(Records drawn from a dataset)
=== Section Start ===

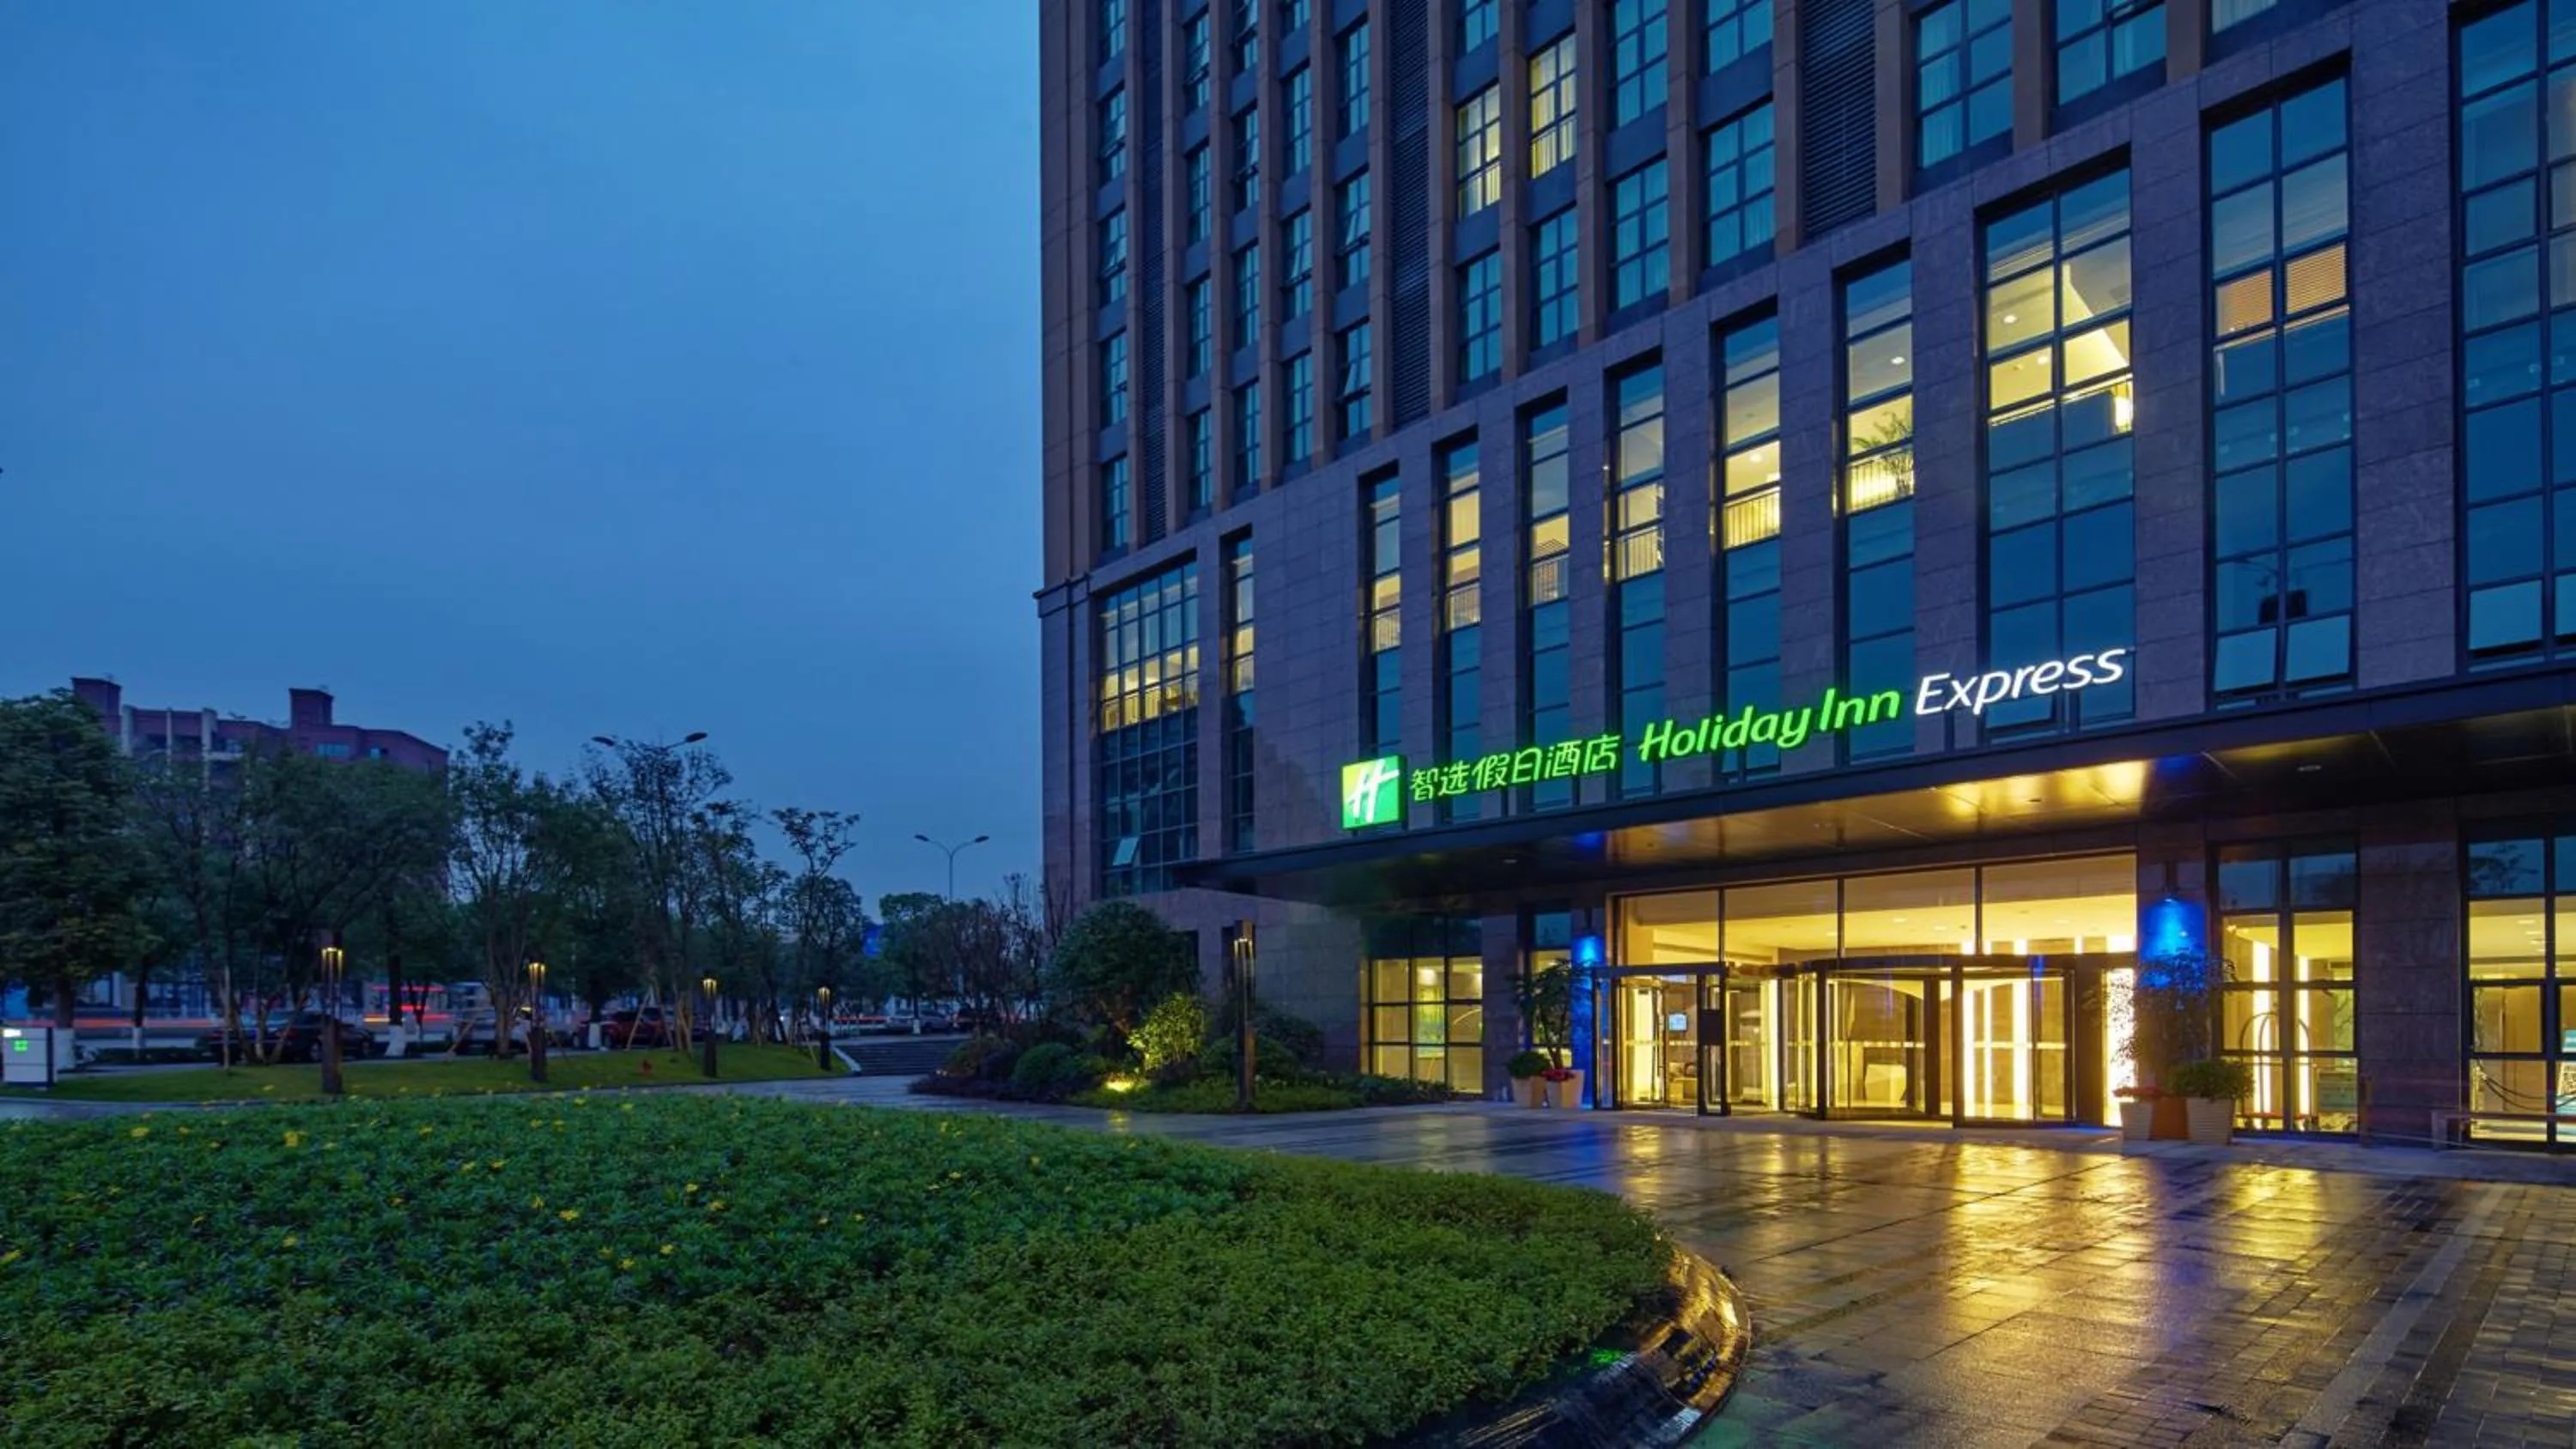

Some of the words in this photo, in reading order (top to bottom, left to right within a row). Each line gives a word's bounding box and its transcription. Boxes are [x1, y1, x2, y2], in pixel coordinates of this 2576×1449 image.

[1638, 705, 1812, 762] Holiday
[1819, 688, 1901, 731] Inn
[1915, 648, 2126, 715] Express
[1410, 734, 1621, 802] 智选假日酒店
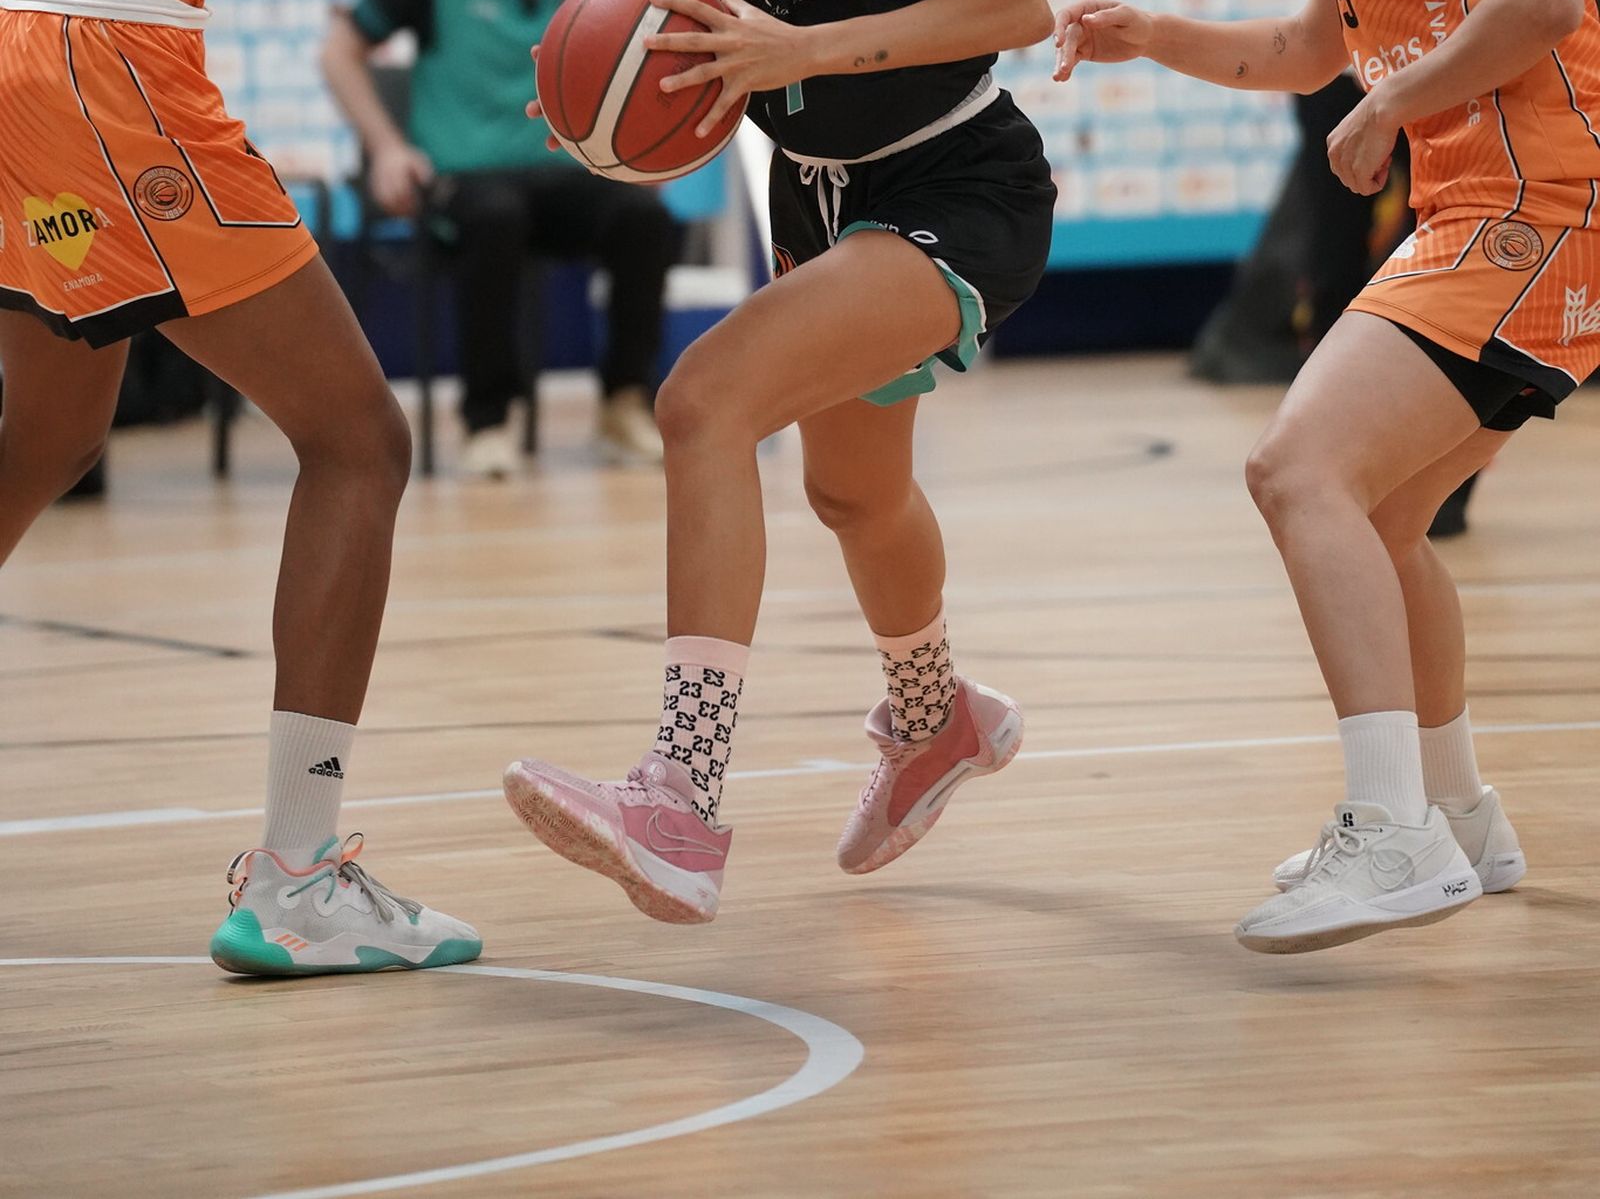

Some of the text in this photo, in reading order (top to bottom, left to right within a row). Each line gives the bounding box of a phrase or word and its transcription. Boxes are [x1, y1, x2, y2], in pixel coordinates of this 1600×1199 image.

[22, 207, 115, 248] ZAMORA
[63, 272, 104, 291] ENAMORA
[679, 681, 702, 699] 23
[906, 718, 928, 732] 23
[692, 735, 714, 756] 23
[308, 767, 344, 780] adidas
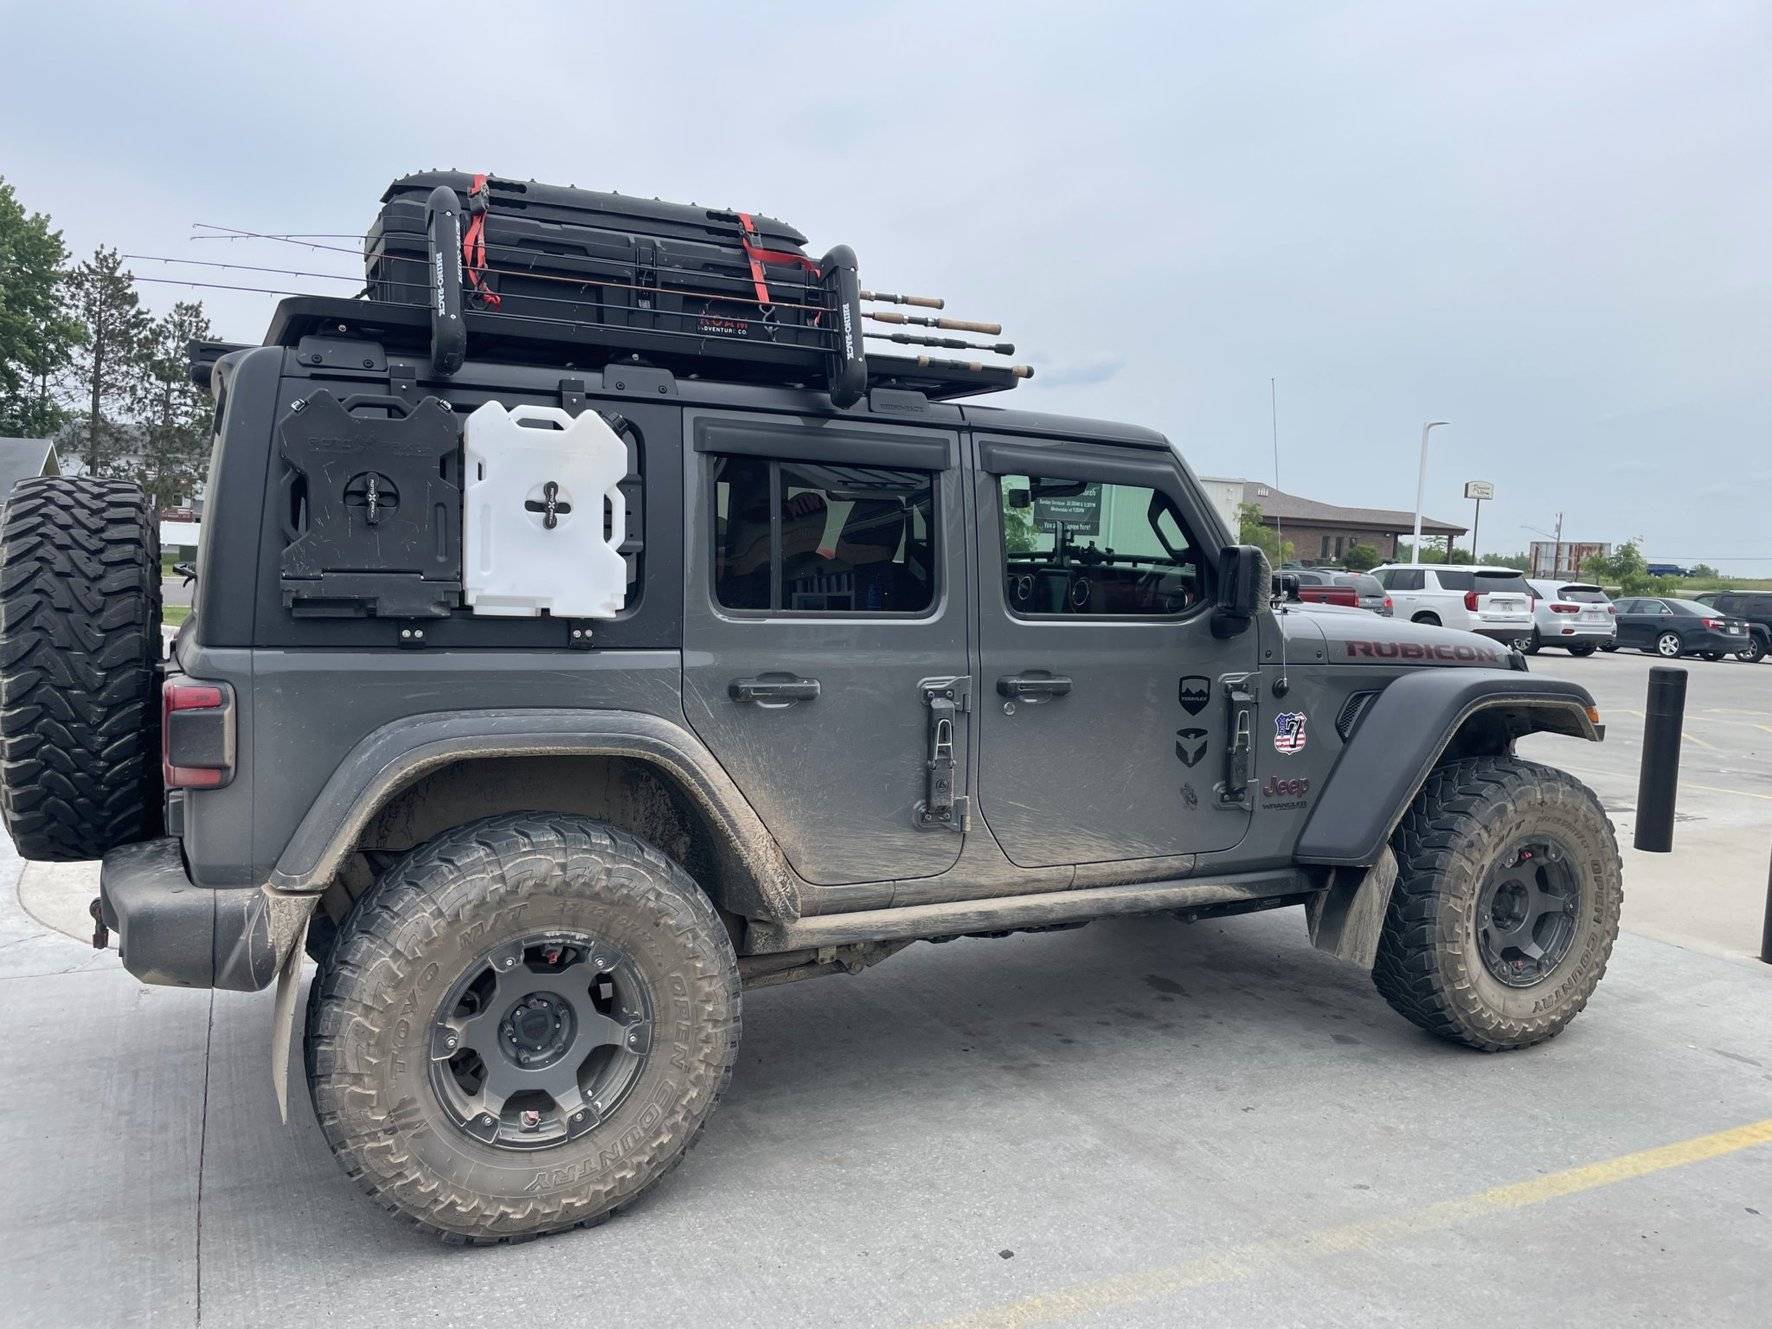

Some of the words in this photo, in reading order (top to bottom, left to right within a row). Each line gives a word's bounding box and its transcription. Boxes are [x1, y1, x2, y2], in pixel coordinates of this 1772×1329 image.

=== Section End ===

Output every line of the records exactly, excluding all pictures.

Some of the words in this photo, in reading order (top to bottom, left to right within a row). Each line gives a word's bounding box and its transcription. Boxes are [x1, y1, x2, y2], in pixel coordinates of this 2576×1449 image.

[1638, 705, 1812, 762] Holiday
[1819, 688, 1901, 731] Inn
[1915, 648, 2126, 715] Express
[1410, 734, 1621, 802] 智选假日酒店

Some of the text in this photo, in reading order (top to bottom, left to right within a row). Each line gives the bounding box of a phrase or word and its transcription. Boxes are [x1, y1, x2, y2], in pixel coordinates of this 1600×1199 image.

[22, 207, 115, 248] ZAMORA
[63, 272, 104, 291] ENAMORA
[679, 681, 702, 699] 23
[906, 718, 928, 732] 23
[692, 735, 714, 756] 23
[308, 767, 344, 780] adidas

Some of the words in this photo, in reading order (top to bottom, left to right within a row). Each line gives a word's bounding box and its transcription. Boxes are [x1, y1, x2, y2], in pixel coordinates of this 1772×1329 image.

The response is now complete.